EXTRACTED INFORMATION:
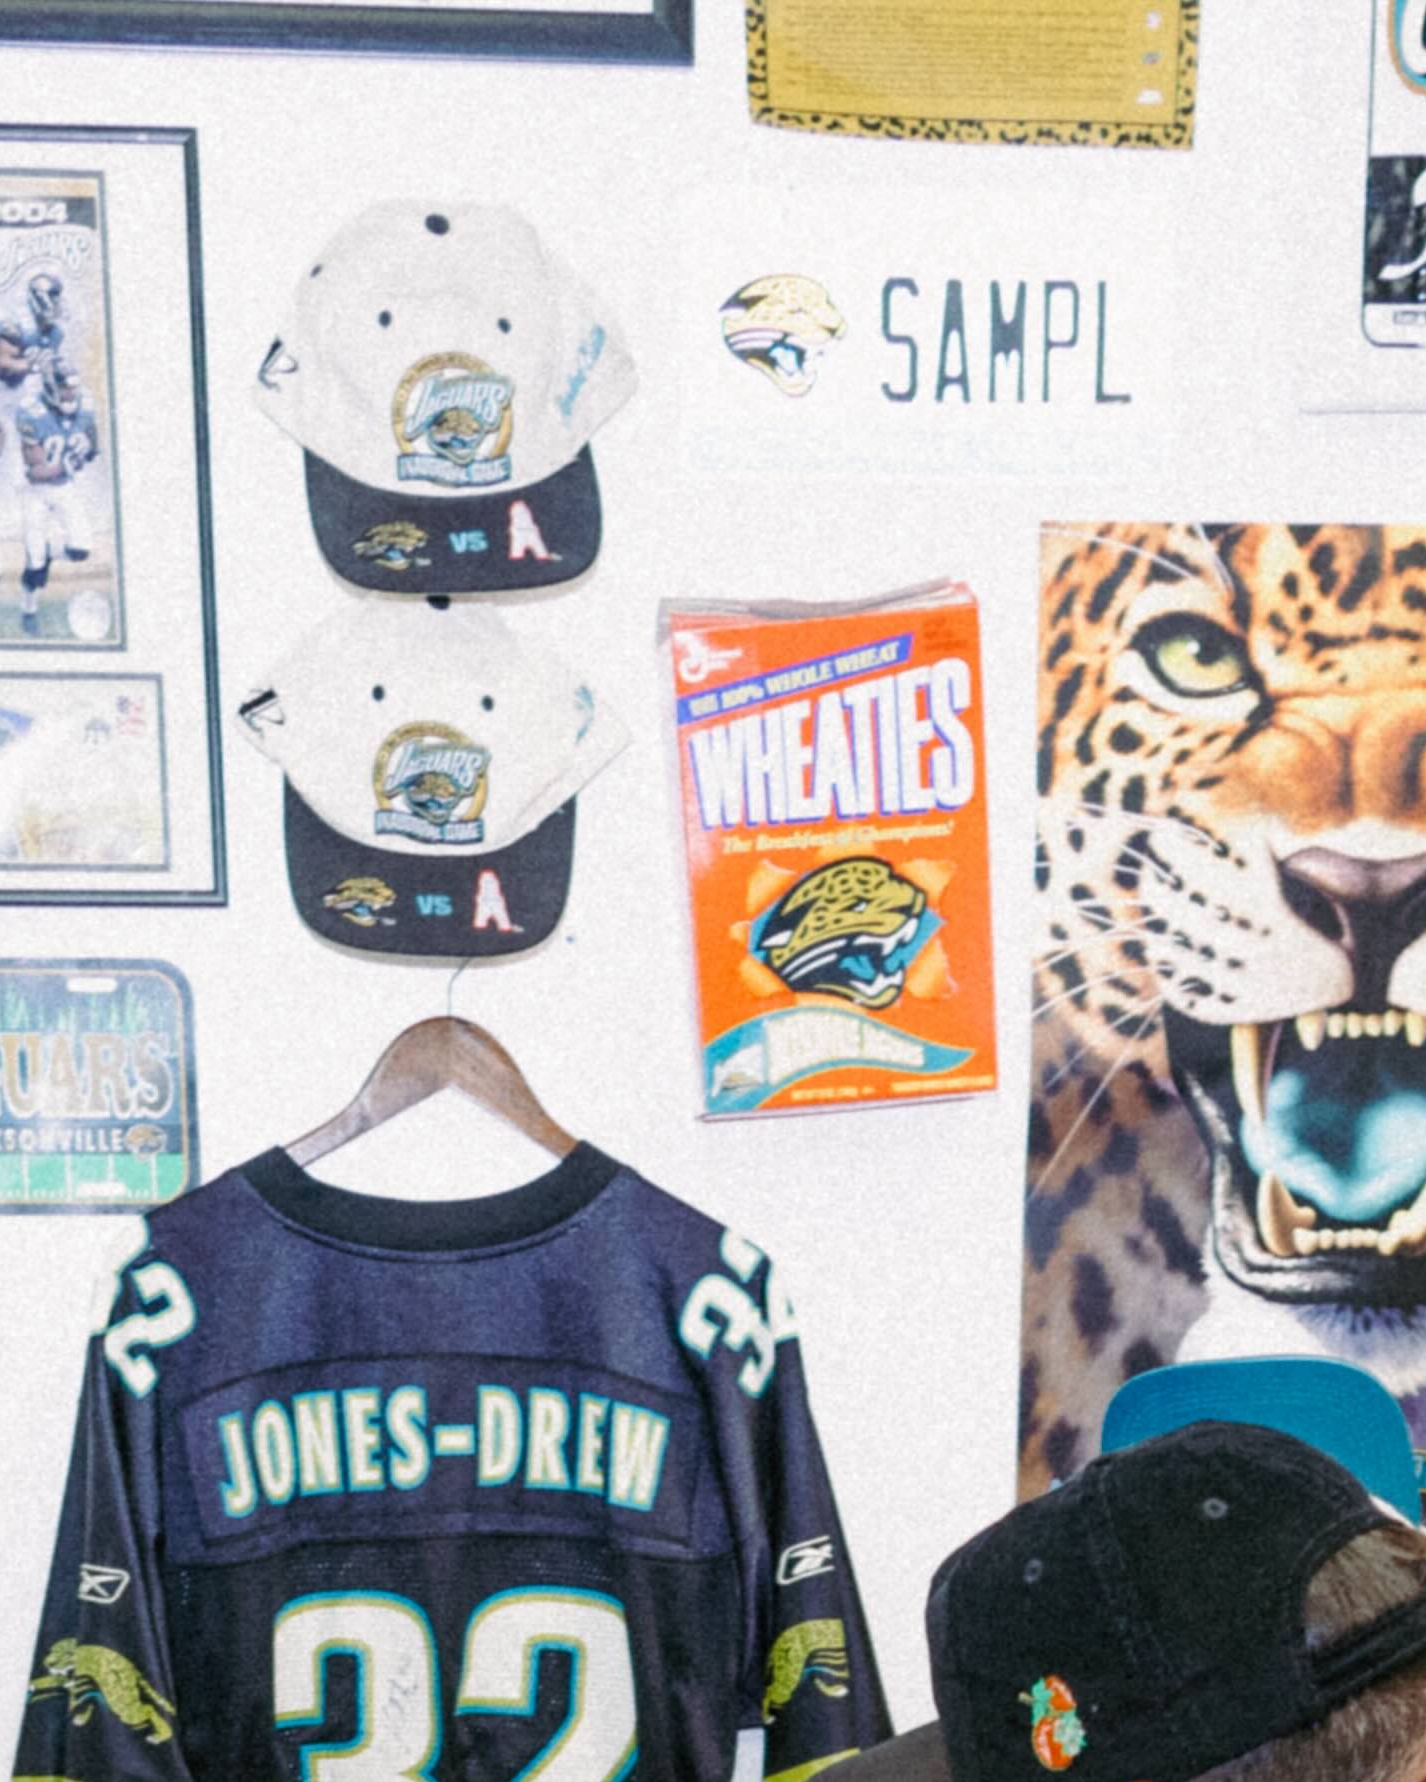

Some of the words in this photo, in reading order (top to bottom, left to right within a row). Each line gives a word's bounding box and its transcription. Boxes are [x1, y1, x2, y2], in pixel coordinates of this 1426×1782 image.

[882, 278, 1132, 403] SAMPL
[405, 376, 511, 436] JAGUARS
[447, 528, 490, 555] VS
[385, 745, 486, 794] JAGUARS
[688, 657, 975, 831] WHEATIES
[414, 894, 454, 917] VS
[217, 1385, 670, 1519] JONES-DREW
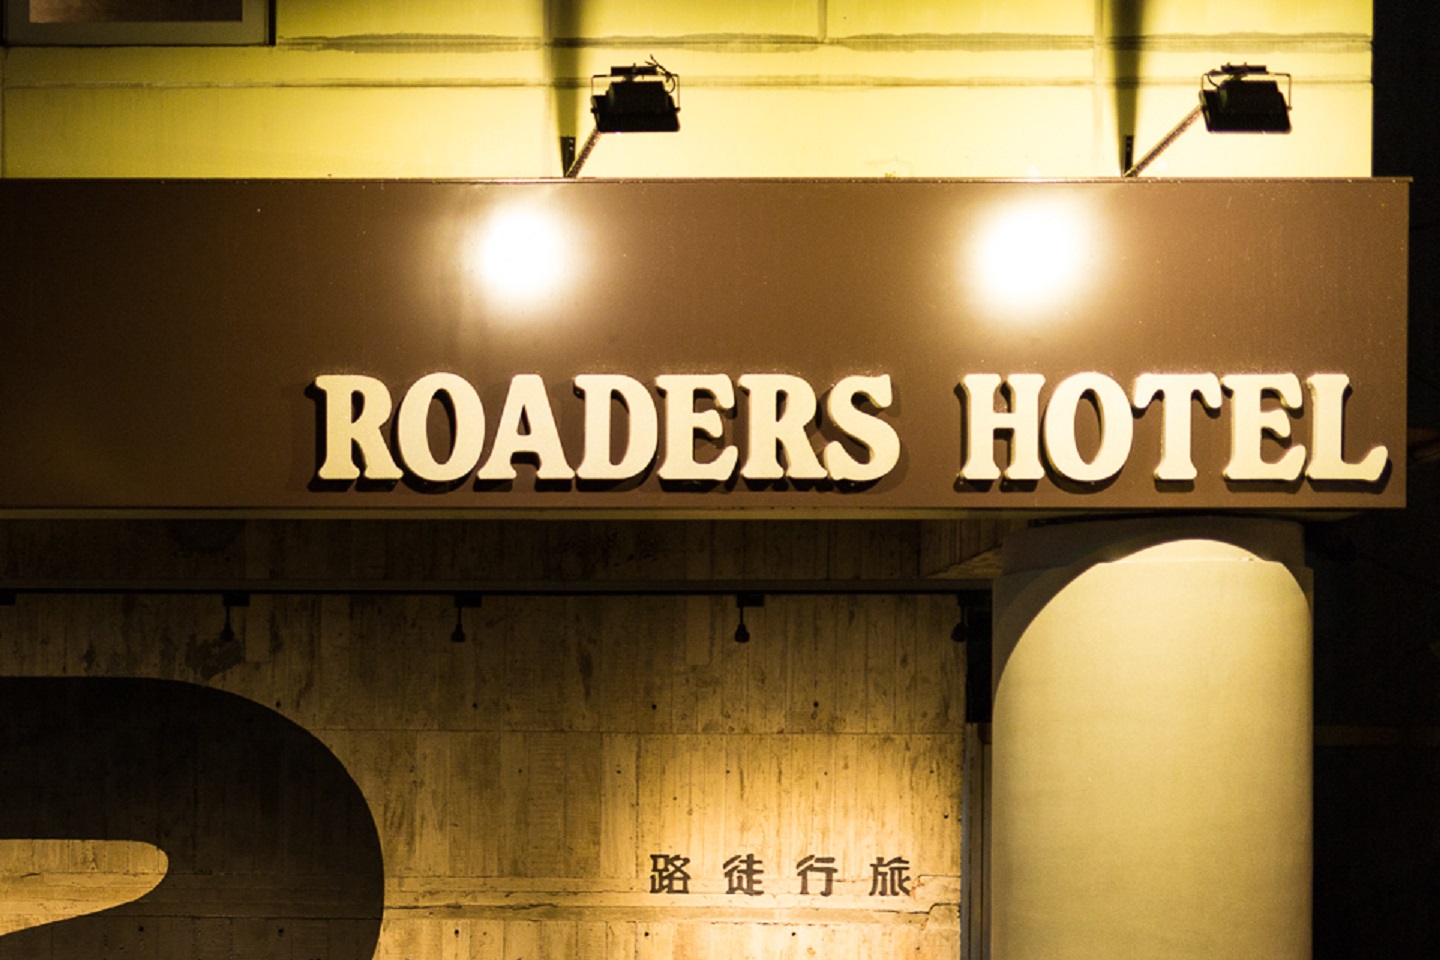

GOAL OF THE EXERCISE:
When you print the entries, keep every line exactly as it is and drop the pictures.

TASK RESPONSE:
Some of the words in this photo, in reading order (top to bottom, left to right within a row). Each line gives a word's bounding box and its transcription. Boxes are [x1, y1, x2, y2], in pixel coordinates of this 1426×1782 image.

[882, 278, 1132, 403] SAMPL
[405, 376, 511, 436] JAGUARS
[447, 528, 490, 555] VS
[385, 745, 486, 794] JAGUARS
[688, 657, 975, 831] WHEATIES
[414, 894, 454, 917] VS
[217, 1385, 670, 1519] JONES-DREW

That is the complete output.